O empresário falava esta quinta-feira (16.04) aos jornalistas, à margem de um encontro com mulheres e membros do projeto, para debater as condições de produção e transformação da castanha de caju na Guiné-Bissau.
Jean-Pierre Rousseau disse que, para a primeira fase do projeto, caju é o setor prioritário.
"O projeto [WEECAP] depende de algum financianmento e esse financiamento vem da parte master-Weeca. Eles é que escolheram o setor de cajú para trabalharmos. Por isso o nosso objetivo é criar 70 mil postos de tranformação de cajú na Guiné-Bissau", revelou o responsável.
O empresário francês reconheceu ainda a importância do setor das pescas para a Guiné-Bissau, mas referiu que o foco do projeto que lidera é aumentar o "brilho" da castanha de caju e atrair interesse por esse produto considerado "estratégico" para a economia nacional.
Por sua vez, Elise Bidault, responsável do pilar de saúde e bem-estar da fundação For Women By Women, explicou o objetivo do encontro com mulheres.
"Objetivo do encontro é dar oportunidade às mulheres, proporcionar um tempo de partilha, de forma a perceber como elas trabalham e ajudar aquelas que não conseguem o rendimento nas suas atividades, a aumentar a sua capacidade produtiva para que possam atingir um nível desejado nos seus negócios", detalhou.
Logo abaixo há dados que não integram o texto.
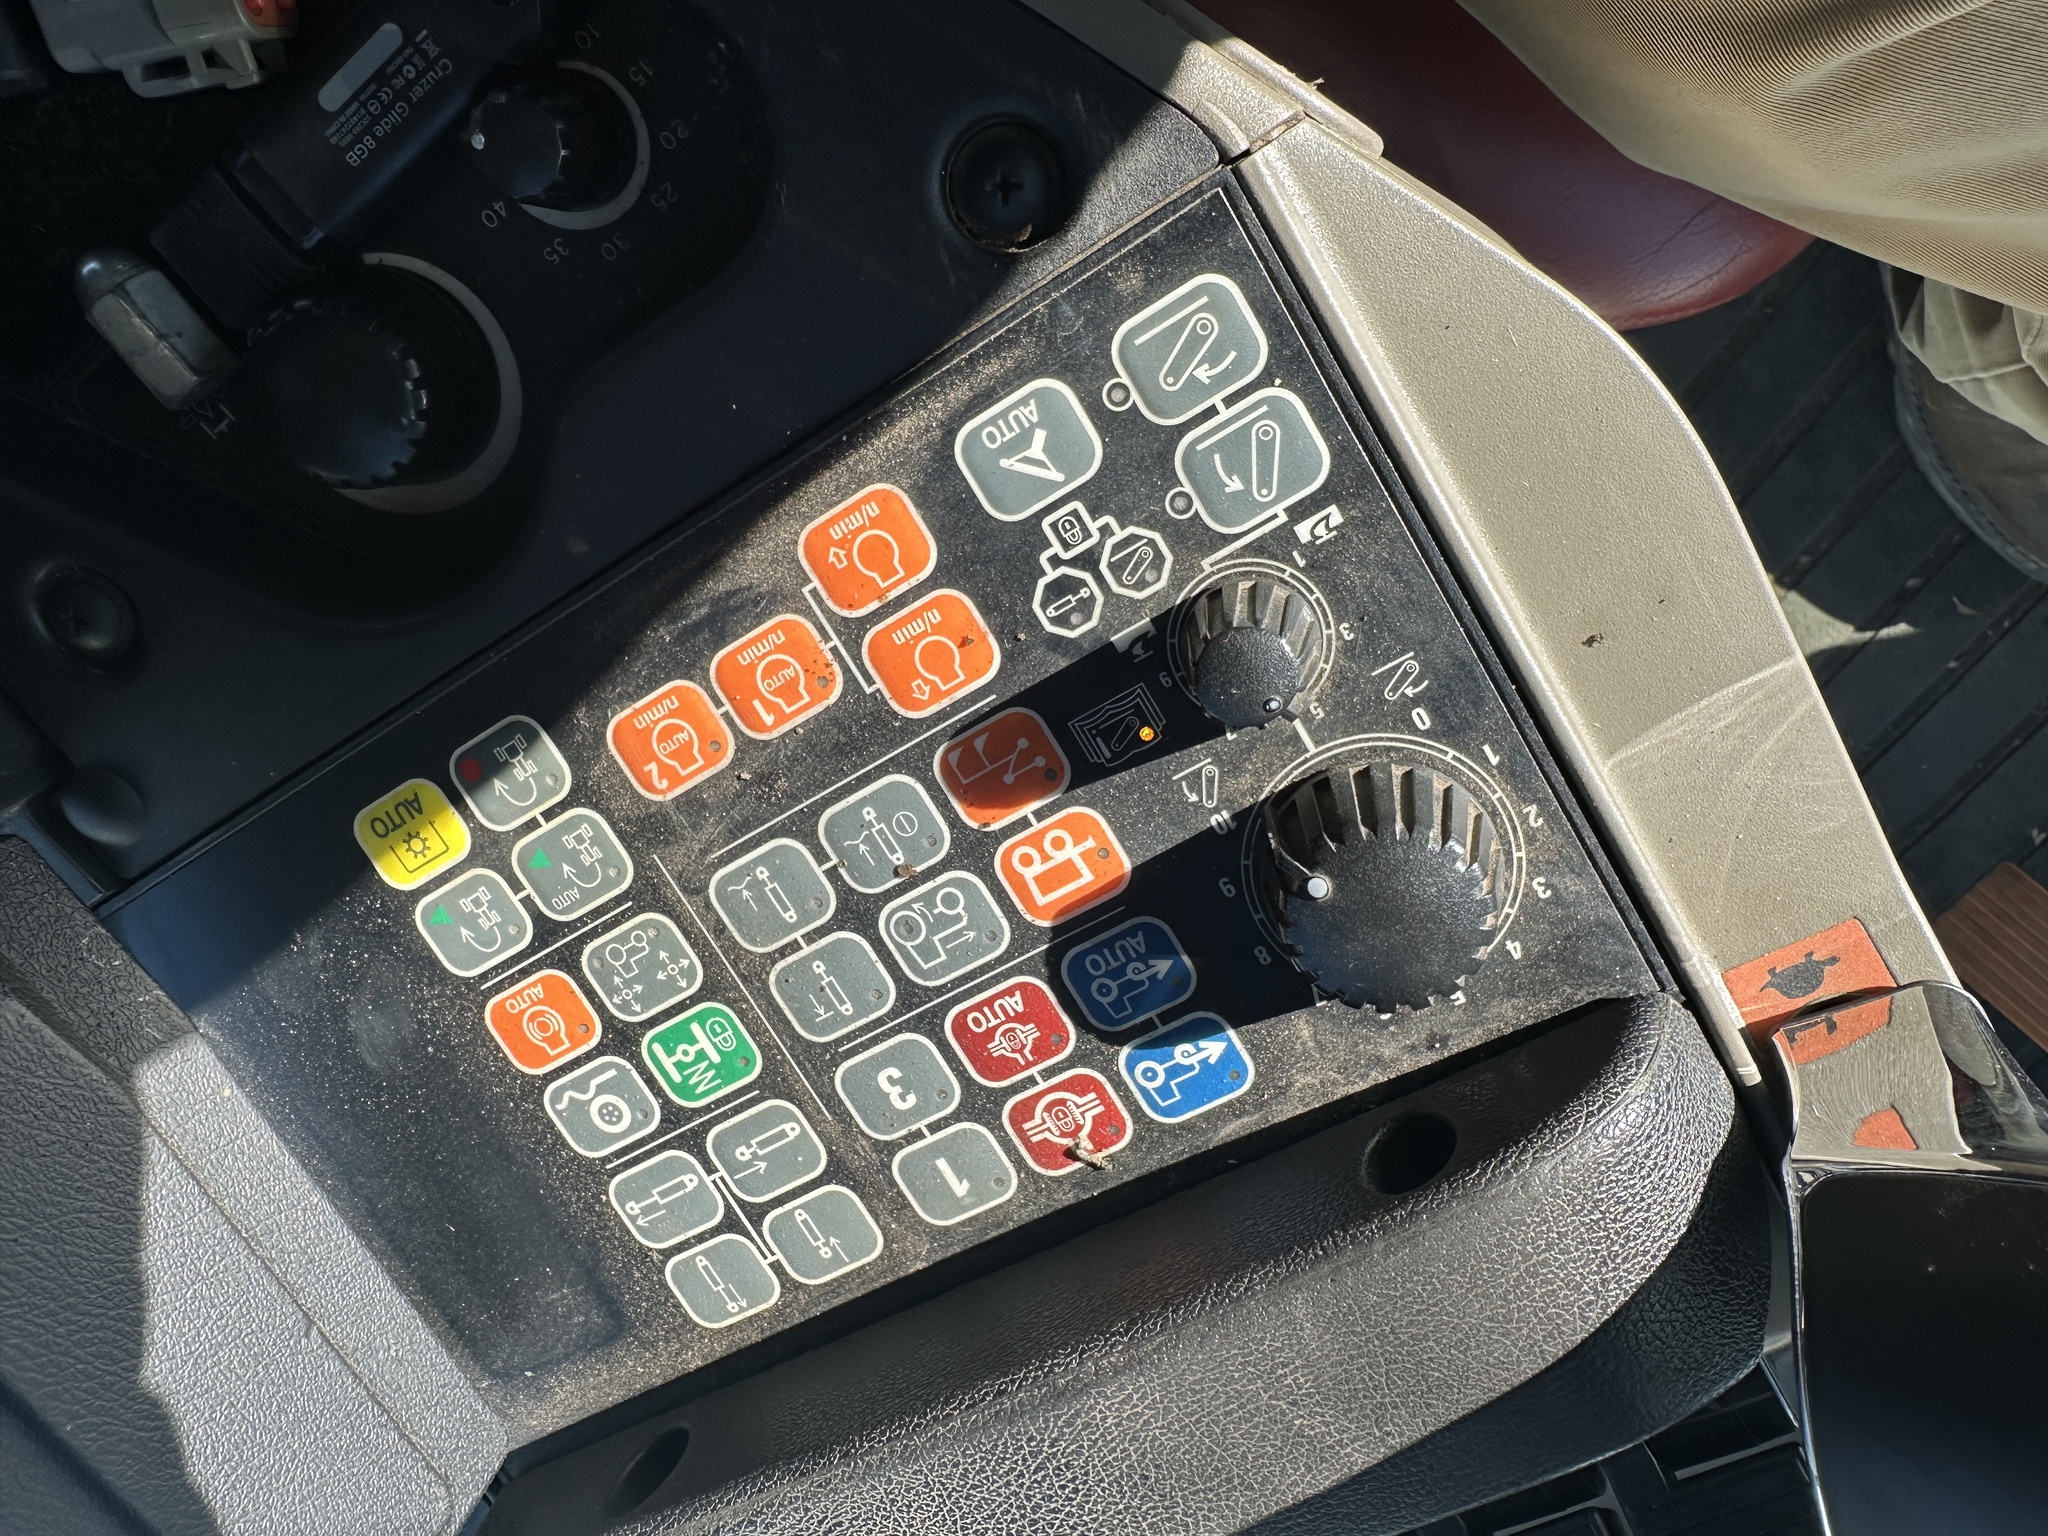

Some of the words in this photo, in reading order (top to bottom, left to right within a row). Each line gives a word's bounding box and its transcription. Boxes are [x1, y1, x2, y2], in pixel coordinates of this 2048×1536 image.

A campanha de comercialização da castanha de caju foi aberta na Guiné-Bissau, no passado dia 11 de marco, tendo o governo de transição fixado o valor de 410 Francos CFA, por quilograma do produto junto ao produtor.
Segundo o Ministério do Comércio e Indústria, a Guiné-Bissau exportou em 2025, 210 mil toneladas da castanha de caju, "graças à eliminação das barreiras não tarifárias pelo executivo".